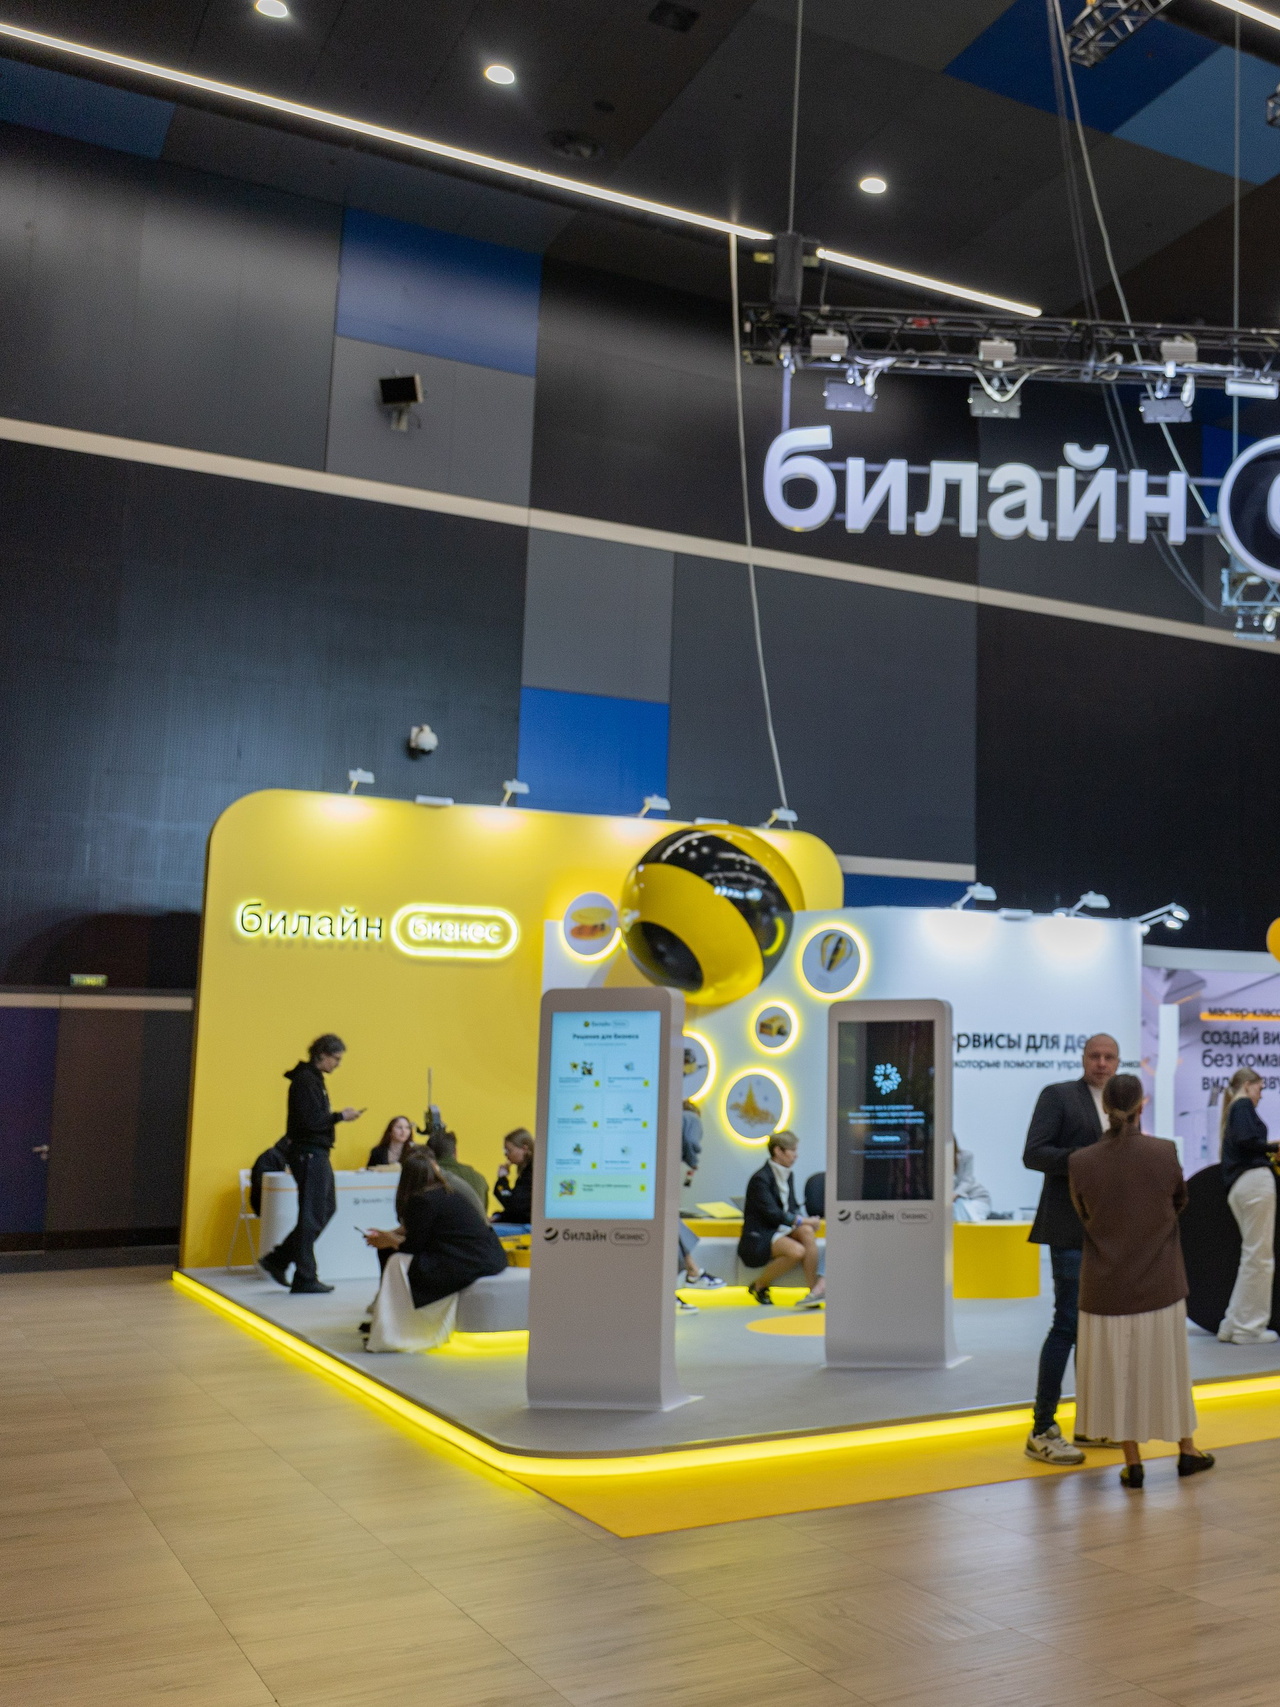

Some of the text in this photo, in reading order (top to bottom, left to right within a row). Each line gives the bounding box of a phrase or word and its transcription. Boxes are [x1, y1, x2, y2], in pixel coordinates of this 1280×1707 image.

[763, 425, 1188, 546] билайн
[236, 900, 503, 944] билайн бизнес
[953, 1033, 1088, 1053] рвисы для де
[1201, 1026, 1259, 1048] создай
[1202, 1048, 1234, 1068] без
[855, 1210, 894, 1221] билайн
[562, 1228, 607, 1242] билайн

▸ **EXERCISE**
With the pictures dropped, give every entry above again exactly.

▸ **TASK RESPONSE**
Some of the text in this photo, in reading order (top to bottom, left to right within a row). Each line gives the bounding box of a phrase or word and its transcription. Boxes are [x1, y1, x2, y2], in pixel coordinates of this 1280×1707 image.

[763, 425, 1188, 546] билайн
[236, 900, 503, 944] билайн бизнес
[953, 1033, 1088, 1053] рвисы для де
[1201, 1026, 1259, 1048] создай
[1202, 1048, 1234, 1068] без
[855, 1210, 894, 1221] билайн
[562, 1228, 607, 1242] билайн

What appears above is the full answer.